Manoharan Anand, Jayaraman Ranjith
The CHILDS Trust Medical Research Foundation, Chennai, Tamil Nadu, India.
Department of Clinical Microbiology, Christian Medical College and Hospital, Vellore, Tamil Nadu, India.
Indian J Med Microbiol. 2018 Oct-Dec;36(4):465-474. doi: 10.4103/ijmm.IJMM_18_442.
Streptococcus pneumoniae continues to take a heavy toll on childhood mortality and morbidity across the developing world. An estimated 10.6 million invasive pneumococcal diseases (IPDs) occur every year, with nearly 1 million deaths in children under 5 years of age. Introduction of vaccines in the childhood immunisation programme in developed world has brought down the incidence of the disease considerably. However, childhood immunocompromising illnesses including HIV have increased the risk of IPD several folds. There is also a growing concern on the increasing antibiotic resistance among these invasive strains to penicillin, other beta-lactams and macrolides, making treatment difficult and expensive. It is estimated that about 62% of IPD worldwide is caused by the 10 most common serotypes. Although the ranking of individual pneumococcal serotypes causing serious disease varies among nations, the 7-13 serotypes included in pneumococcal conjugate vaccines (PCVs) may prevent 50%-80% of all paediatric pneumococcal diseases globally. The World Health Organization has recommended the use of PCV-10/13 in the national immunisation programmes (NIPs) of developing countries. Four doses of PCV-13 have been recommended by the US Association of Pediatrics and Centers for Disease Control and Prevention, at intervals of each 2 months for the first 6 months and by the 12 to 15 months after birth. This is expected to reduce the morbidity and mortality associated with IPD and simultaneously decrease colonisation with circulating antibiotic-resistant strains in immunized communities. Nevertheless, continued surveillance of antimicrobial resistance in non-vaccine serotypes is necessary to prevent the resurgence of resistance. Other virulence factors which are not serotype specific also need to be studied to overcome the drawbacks of serotype-specific pneumococcal vaccines. PCV-13 was launched during May 2017 under the NIP of five Indian states with the highest pneumococcal diseases in the country and is expected to be rolled out in the other parts of the country in the coming days.

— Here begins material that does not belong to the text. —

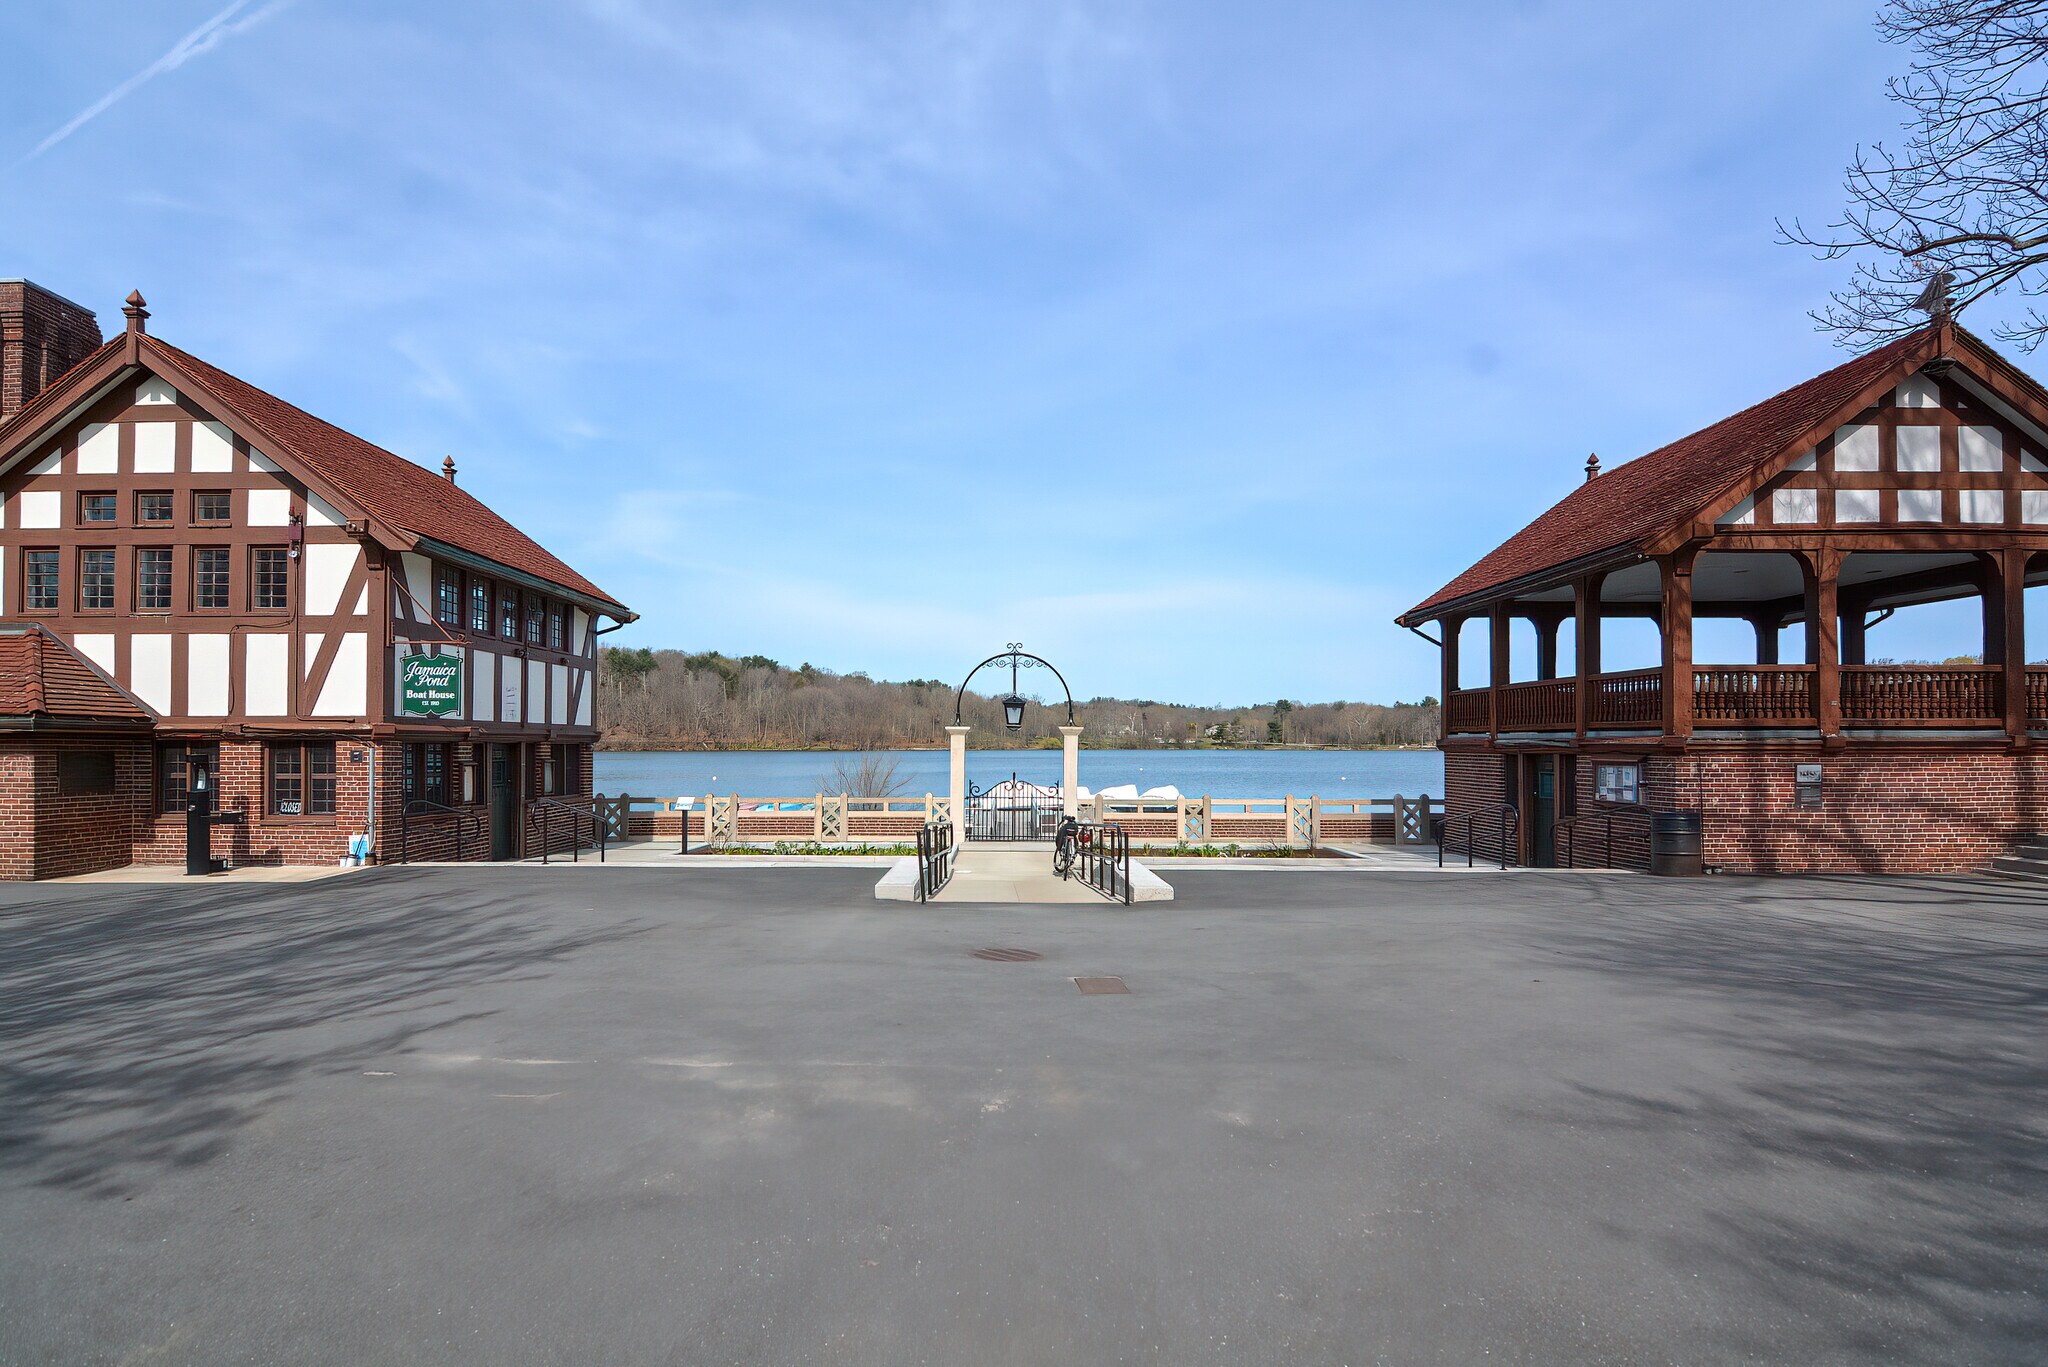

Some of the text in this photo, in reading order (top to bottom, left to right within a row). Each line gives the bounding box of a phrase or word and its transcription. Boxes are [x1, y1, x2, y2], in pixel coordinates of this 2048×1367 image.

肺炎链球菌继续在发展中世界对儿童死亡率和发病率造成沉重影响。据估计,每年发生1060万例侵袭性肺炎球菌疾病(IPD),近100万5岁以下儿童死亡。在发达国家的儿童免疫规划中引入疫苗已大幅降低了该疾病的发病率。然而,包括艾滋病毒在内的儿童免疫功能低下疾病使IPD风险增加了数倍。人们还越来越担心这些侵袭性菌株对青霉素、其他β-内酰胺类和大环内酯类抗生素的耐药性不断增加,导致治疗困难且费用高昂。据估计,全球约62%的IPD由10种最常见的血清型引起。尽管各国导致严重疾病的肺炎球菌血清型个体排名有所不同,但肺炎球菌结合疫苗(PCV)中包含的7至13种血清型可预防全球50%至80%的所有儿童肺炎球菌疾病。世界卫生组织已建议在发展中国家的国家免疫规划(NIP)中使用PCV-10/13。美国儿科学会和疾病控制与预防中心建议接种4剂PCV-13,在出生后的前6个月每2个月接种1剂,在12至15个月时接种第4剂。这有望降低与IPD相关的发病率和死亡率,同时减少免疫社区中循环耐药菌株的定植。尽管如此,仍有必要持续监测非疫苗血清型的抗菌耐药性,以防止耐药性的再次出现。还需要研究其他非血清型特异性的毒力因子,以克服血清型特异性肺炎球菌疫苗的缺点。PCV-13于2017年5月在印度肺炎球菌疾病发病率最高的五个邦的国家免疫规划下推出,预计未来几天将在该国其他地区推广。